Fairweather Fault and earthquakes in Yukon

The Fairweather Fault is one of the principal strike-slip faults along which the Pacific Plate is moving northwesterly (at 5.8 cm annually, relative to North America). Sections of the fault become ‘stuck’, creating small earthquakes for a time, followed by a powerful earthquake that releases much of the accumulated strain. On the segment nearest Mount Logan the most recent powerful earthquake was in 1958. Three very large earthquakes occurred there in less than a week in 1899. Between these major events are many smaller tremors that each contribute to the northward shift of the Pacific Ocean floor.

The geological record of past events is sometimes the only predictor of future geologic hazards. However, the natural world imperfectly holds the record of ancient earthquakes, and we have only about 130 years of historical data in northwestern North America – too small a window to establish the pattern of large but infrequent earthquakes. The location of many smaller events and a few large ones, indicate five seismically active regions in Yukon Territory.
Faults and relative motion superimposed on earthquake epicentres from 1899 to 1996 in northwestern Canada.
Faults and relative motion superimposed on earthquake epicentres from 1899 to 1996 in northwestern Canada
Credit: Canadian Seismological Service and R. Hyndman, Geological Survey of Canada

The Fairweather Fault in southeastern Alaska comes ashore 130 km west of Haines, Alaska. It has several splays heading northwest along glacier-filled valleys,. West-side-northward and upward movement on these faults accommodate the inexorable northwestward movement (about 6 cm/year) of the Pacific oceanic plate to where it subducts obliquely beneath the St. Elias Mountains and southern Alaska. In 1958, a M 7.9 earthquake tore the Fairweather Fault from Yakutat to Sitka, and moved the west side 6.5 m northward. Were such an event to occur today, non-earthquake-resistant structures in Alaska coastal towns, as well as transportation corridors would be severely damaged. The zone of low seismicity on the continuation of the Fairweather Fault southwest of Mount St. Elias could indicate a ‘locked’ segment, A portion of the over-riding continental crust, the Yakutat microplate, is being squeezed, pushing Yukon northward.

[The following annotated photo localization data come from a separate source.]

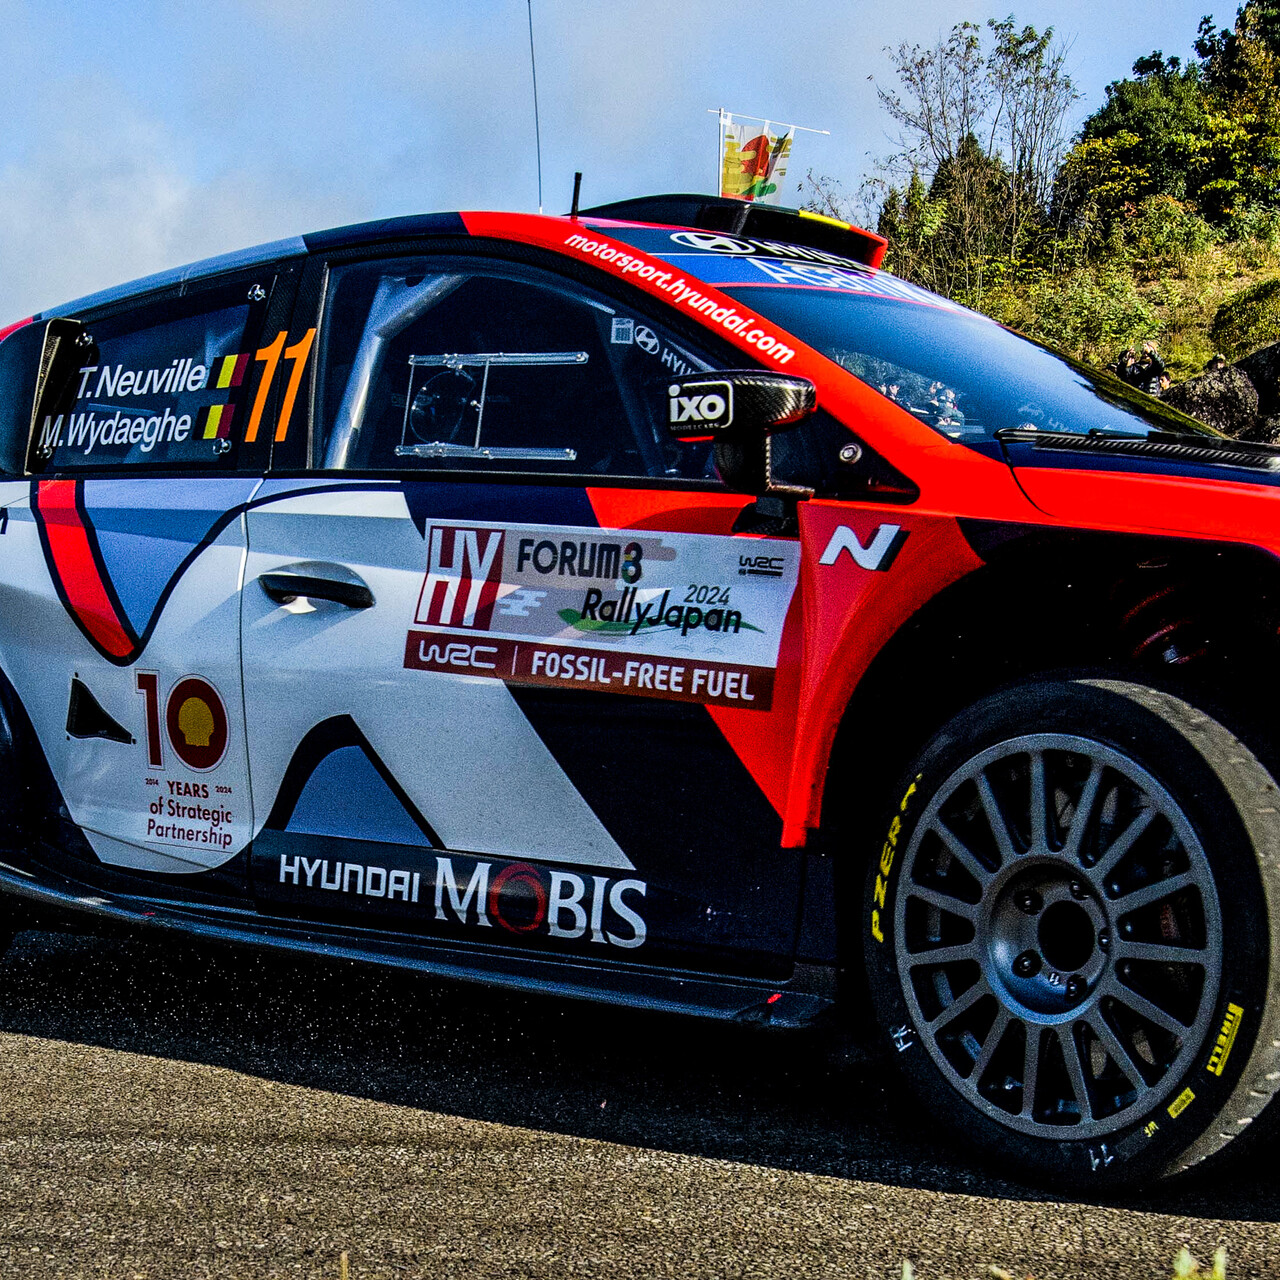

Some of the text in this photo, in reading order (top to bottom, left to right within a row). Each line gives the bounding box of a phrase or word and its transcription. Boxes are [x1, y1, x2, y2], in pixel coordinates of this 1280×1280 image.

[564, 233, 797, 364] motorsport.hyundai.com
[244, 328, 317, 443] 11
[683, 583, 732, 607] 2024
[419, 639, 499, 669] WRC
[531, 650, 755, 701] FOSSIL-FREE FUEL
[166, 780, 210, 799] YEARS
[149, 796, 233, 828] of Strategic
[146, 817, 233, 849] Partnership
[279, 853, 421, 903] HYUNDAI
[433, 856, 648, 949] MOBIS
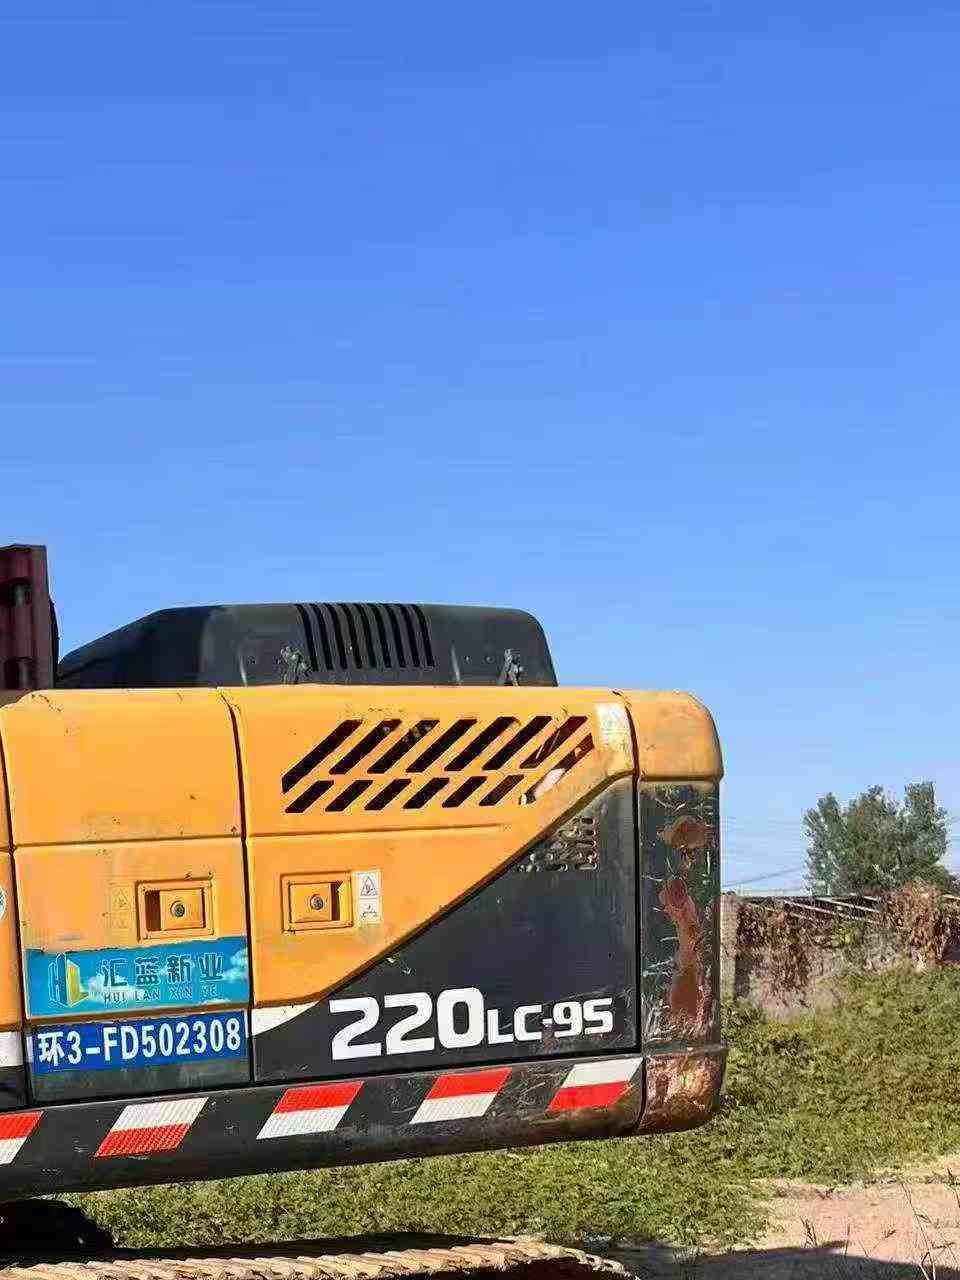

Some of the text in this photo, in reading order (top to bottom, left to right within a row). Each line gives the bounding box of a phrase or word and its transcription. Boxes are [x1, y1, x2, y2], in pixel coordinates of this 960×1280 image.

[100, 952, 225, 987] 汇蓝新业
[104, 991, 127, 1003] HUI
[135, 989, 161, 1001] LAN
[38, 1017, 241, 1067] 环3-FD502308
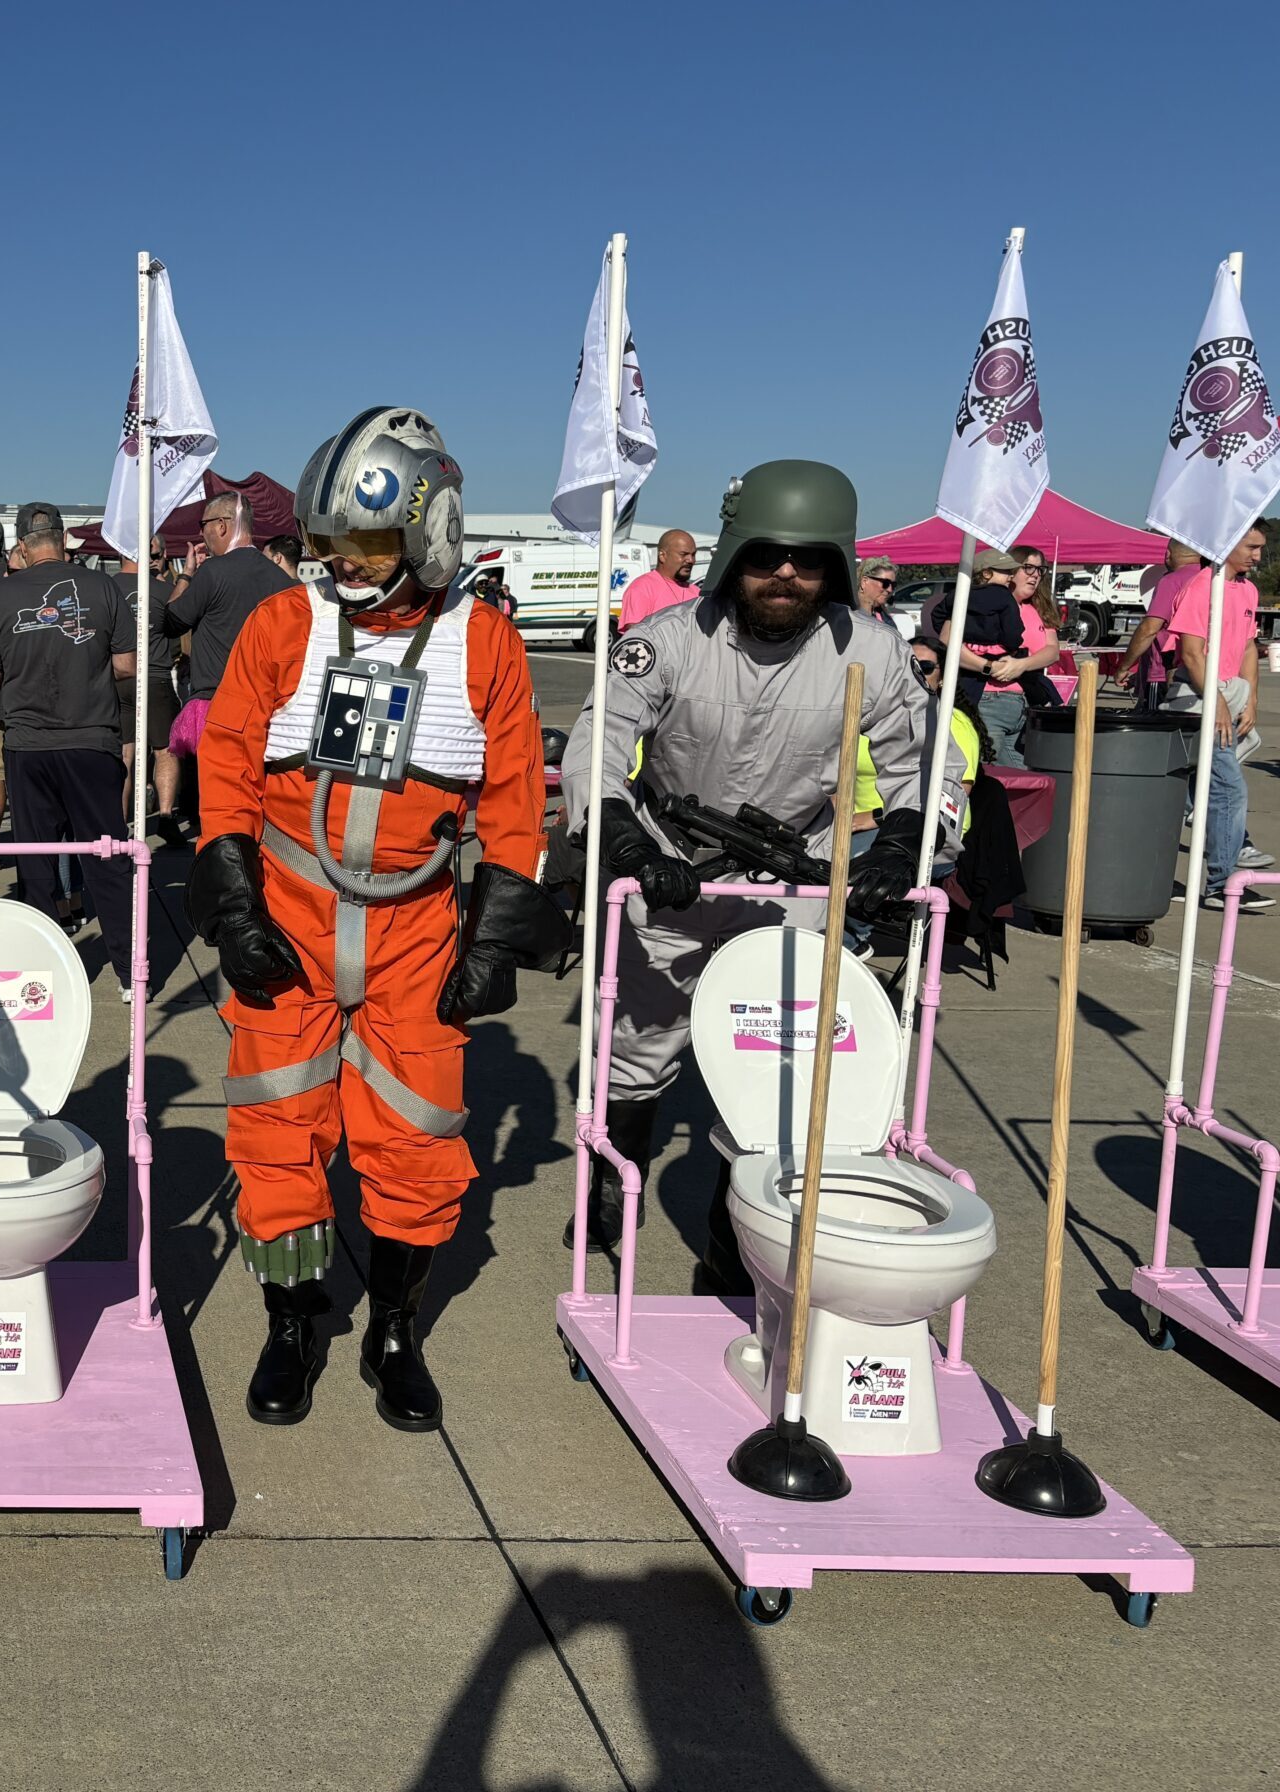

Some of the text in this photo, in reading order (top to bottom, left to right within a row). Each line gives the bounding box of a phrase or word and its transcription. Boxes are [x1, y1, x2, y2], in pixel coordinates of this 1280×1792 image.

[532, 571, 599, 580] NEW WINDSOR
[743, 1019, 783, 1028] HELPED
[737, 1029, 817, 1038] FLUSH CANCER
[878, 1368, 907, 1379] PULL
[849, 1393, 905, 1406] A PLANE

The Denali Fault lies inland, extending from Dezadeash Lake south of Haines Junction, Yukon, northwest toward Fairbanks, Alaska (the trace looks curved on a small-scale flat map, but is a straight line on the curved surface of the earth). Some sections, such as that beneath Kluane Lake, have no recorded seismicity, but on November 3, 2002, a magnitude 7.9 earthquake south of Fairbanks ruptured the fault almost to the Alaska-Yukon border (http://www.aeic.alaska.edu/Denali_Fault_2002). In Yukon, the most likely active trace follows the Totschunda and Duke River faults. The latter crosses the Slims River 6 km west of the Alaska Highway and has regular small earthquakes that are felt in Haines Junction. Larger earthquakes could trigger rock or mud-slides which could block the transportation links along Kluane Lake or the Alsek river valley to the south.

Two other well-defined zones of seismic activity occur at the northeastern margins of Yukon. In the Richardson Mountains, there are faults with periodic earthquakes (magnitude 6.4 and 6.2 in 1940). Secondly, along the mountain front north and east of the Ogilvie and Mackenzie Mountains respectively are earthquakes (magnitude 6.5 south of Peel River in 1955; M 6.9 east of Nahanni Park in 1985). Both types are related to northward and eastward push by the Yakutat microplate against the St. Elias Mountains

The seismic zoning map of the National Building Code of Canada (www.EarthquakesCanada.ca) shows a greater risk of earthquake damage in Yukon (where the population and building density is comparatively light) than in most of central Canada. However, the most affected areas are in the southwest because of its closeness to faults in southeast Alaska, as well as in the Peel River region. Neither faces the looming disaster predicted for southwestern British Columbia, where geological evidence suggests a large earthquake every 300 to 500 years (the last one may have occurred in 1701).